Sometimes friendships fade away gradually – you move, or she moves, or one of you has kids or gets married or changes jobs – and so you just naturally drift apart. You’ll still go to her wedding, and maybe even the occasional dinner, and when you see her, you’ll talk and catch up. It will probably never be the same, but it won’t be bad.
Sometimes, though, friendships die in an instant. Something – an occurrence or specific event – makes you realize, “I just can’t do this anymore. It’s not worth the effort. It’s never going to be what I had hoped.” This death of a friendship is just that… a death. You break up – you don’t call each other anymore, you feel a stab when you see pictures of happier times, you even cry yourself to sleep.

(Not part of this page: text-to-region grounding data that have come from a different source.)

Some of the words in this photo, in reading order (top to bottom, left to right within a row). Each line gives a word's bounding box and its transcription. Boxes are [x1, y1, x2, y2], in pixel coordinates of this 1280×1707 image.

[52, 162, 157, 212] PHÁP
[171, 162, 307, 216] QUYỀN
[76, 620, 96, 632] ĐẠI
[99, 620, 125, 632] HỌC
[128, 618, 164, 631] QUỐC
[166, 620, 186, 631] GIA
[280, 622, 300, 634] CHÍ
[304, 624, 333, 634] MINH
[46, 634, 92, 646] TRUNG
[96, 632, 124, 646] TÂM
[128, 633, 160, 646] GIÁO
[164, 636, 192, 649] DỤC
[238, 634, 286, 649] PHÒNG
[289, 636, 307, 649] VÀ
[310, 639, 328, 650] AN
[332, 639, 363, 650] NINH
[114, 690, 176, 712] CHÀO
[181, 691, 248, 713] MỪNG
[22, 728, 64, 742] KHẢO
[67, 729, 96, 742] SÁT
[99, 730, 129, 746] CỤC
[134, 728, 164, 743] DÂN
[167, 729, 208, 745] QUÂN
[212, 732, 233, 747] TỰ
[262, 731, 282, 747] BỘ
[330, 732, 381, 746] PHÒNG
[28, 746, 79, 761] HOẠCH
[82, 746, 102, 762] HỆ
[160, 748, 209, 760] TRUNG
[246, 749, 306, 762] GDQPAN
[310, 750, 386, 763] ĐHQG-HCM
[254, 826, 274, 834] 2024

The second scenario is what happened with my former friend and me. I’ve written about our break-up several times because it’s still in my head, rolling about. We broke up when my mother died, but made it official in Feb-08. The friendship had become something that drained me. It made me feel tireder, sadder, more anxious, more worried. And that’s not what a friendship is supposed to do. Especially not a “best” friendship.

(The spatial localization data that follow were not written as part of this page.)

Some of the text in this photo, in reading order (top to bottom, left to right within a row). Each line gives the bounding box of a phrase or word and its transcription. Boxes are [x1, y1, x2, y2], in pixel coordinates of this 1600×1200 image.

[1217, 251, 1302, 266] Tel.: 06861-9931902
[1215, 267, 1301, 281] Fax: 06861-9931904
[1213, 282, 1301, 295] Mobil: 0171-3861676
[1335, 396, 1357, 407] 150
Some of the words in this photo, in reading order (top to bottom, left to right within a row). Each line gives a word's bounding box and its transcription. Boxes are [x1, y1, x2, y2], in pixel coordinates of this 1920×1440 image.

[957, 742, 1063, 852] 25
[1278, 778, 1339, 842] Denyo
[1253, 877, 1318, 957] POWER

A couple of years ago, I bought “Toxic In-Laws” by Susan Forward in an attempt to better deal with the dynamics between Bobby’s mom and myself. At the time, I didn’t realize that the word “toxic” can apply to all relationships in our lives – inlaws, coworkers, friends, siblings, even spouses.
A toxic relationship – one that is consistently unsupportive, draining, unrewarding, stifling, unsatisfying, and often unequal.

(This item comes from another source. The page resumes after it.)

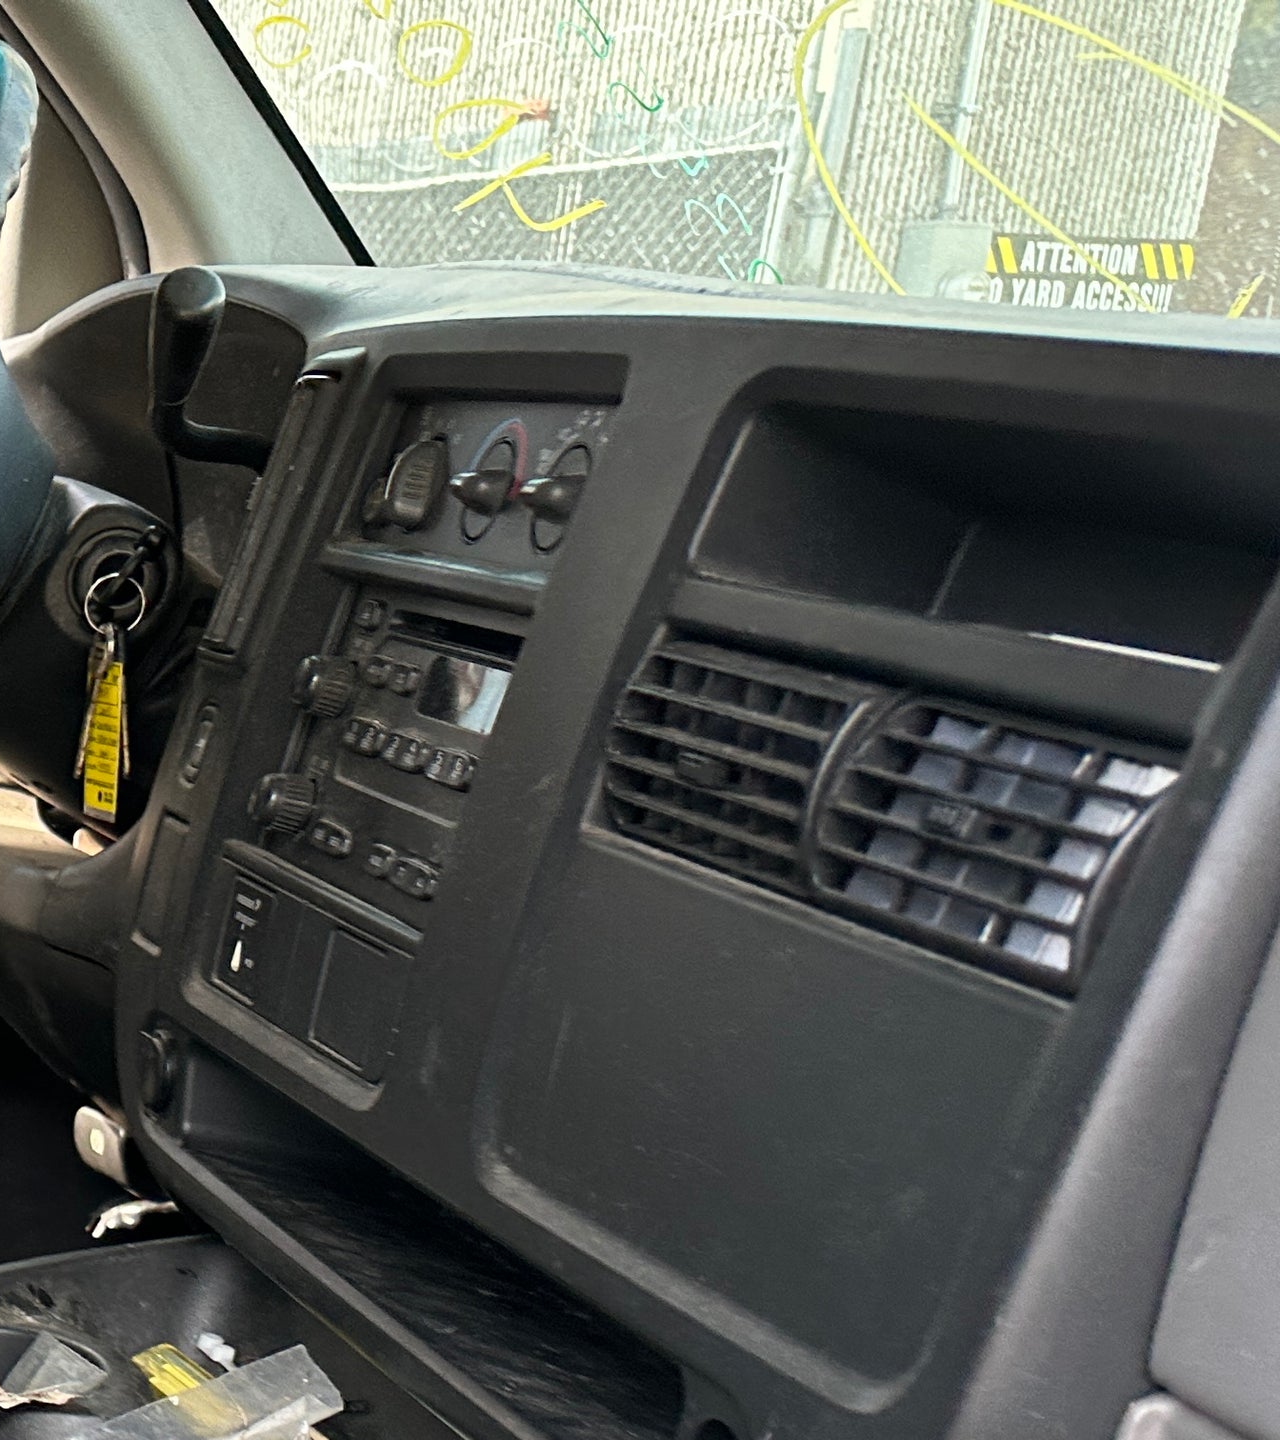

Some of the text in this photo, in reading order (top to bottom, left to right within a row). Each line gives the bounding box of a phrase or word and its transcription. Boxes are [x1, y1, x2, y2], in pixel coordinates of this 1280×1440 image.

[1020, 241, 1139, 277] ATTENTION
[1011, 279, 1065, 309] YARD
[1070, 283, 1175, 315] ACCESS!!!

I’ve been picking and picking at the scab of this break-up – trying to understand whether my guilt was justified, whether I should call or contact her, whether I should try to explain myself. I came across some pictures just this evening – she and her husband were at so many of my family events that few albums don’t include them – and once again, I wonder what happened. I forget that it didn’t just “happen,” but rather, it was MY CHOICE. I decided to draw that line and say “enough is enough.” I can’t willingly rekindle a toxic relationship.
I still check her blog, although Bobby and my sisters tell me to stop. I look at the pictures of her little girl – the little girl who was actually my and Bobby’s goddaughter, although I’m sure that’s been rectified by now – and I ache. I’m sad that we’re not friends anymore. I’m sad that I’m not “Aunt Sarah” to EC, whose name and crib bedding I helped select. I’m sad that so many years of friendship ended, just like that. I dream about them. Not as often as I dream of Mama, but they’re featured regularly. They’re so angry in my dreams, and I feel a nagging sense of unrest when I wake up. I don’t know how to let it go. I’m fairly certain that of all those involved, I’m the only one who still cares, and ponders, and fixates.